I have a book entitled "Journal of Investment" from January 1897 offering the Bavaria (later Wunder) Brewery for sale. I has two artist renderings of the property including a view looking south showing the stables (in front of which I believe your photo was taken). It says the capacity of the brewery was 24,000 barrels per year which would place it well below the National Brewery at 90,000 barrels and the Wieland Brewery at 240,000 barrels.

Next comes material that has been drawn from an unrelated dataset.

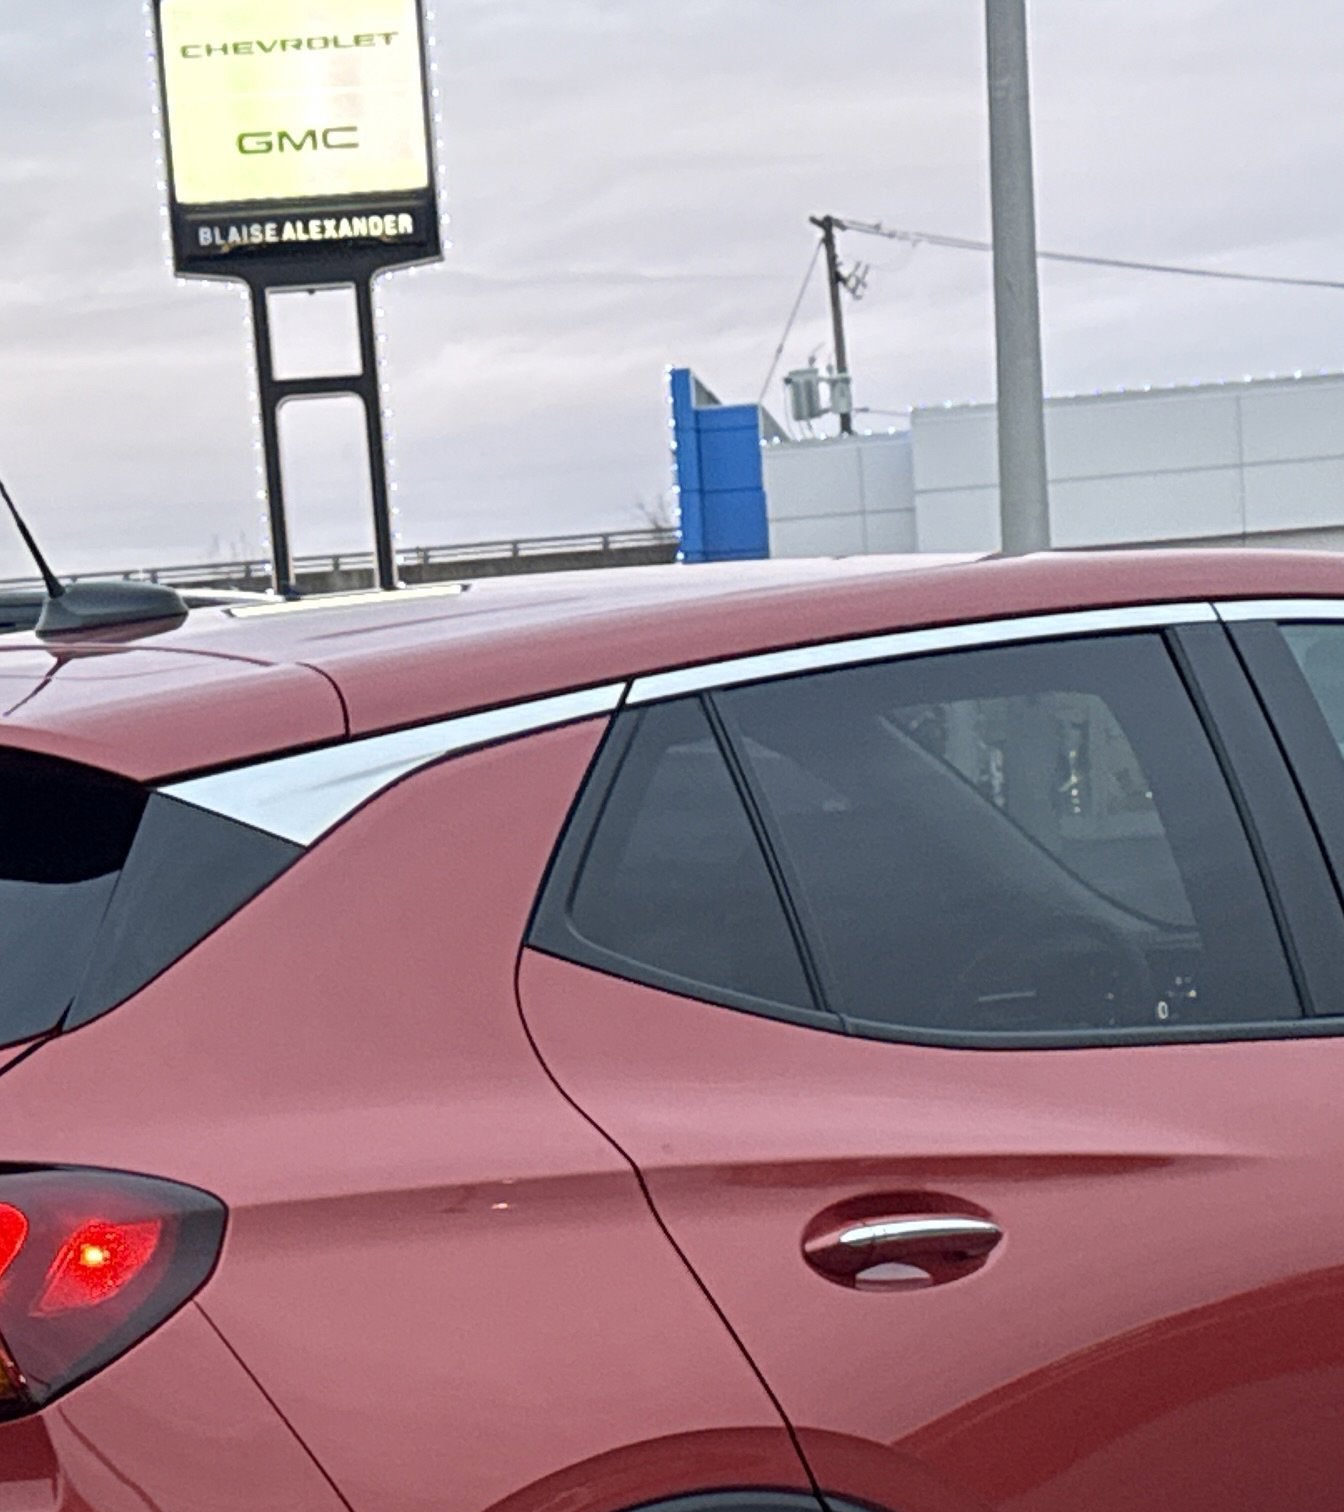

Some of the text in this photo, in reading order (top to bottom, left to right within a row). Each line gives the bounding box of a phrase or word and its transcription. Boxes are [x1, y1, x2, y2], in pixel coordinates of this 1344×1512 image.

I own two large photos of the brewery and have another book showing earthquake damage from 1906. Ironically the main building survived until the early 1990's but was torn down because of damage suffered in the 1989 Loma Prieta quake. It was in close proximity the Marina District that was so dramatically covered with collapsed burning buildings at that time. The brewery had been made into a residence. The building was just one story on Greenwich Street and had been remodeled to look like a Spanish-style stucco from the 1920's or 30's but the rear down the slope was four stories and looked much as it did at the turn of the century. I salvaged some bricks from the foundation of the brewery when it was demolished.
This is wonderful information, and I really appreciated hearing from Dr. Jacobs!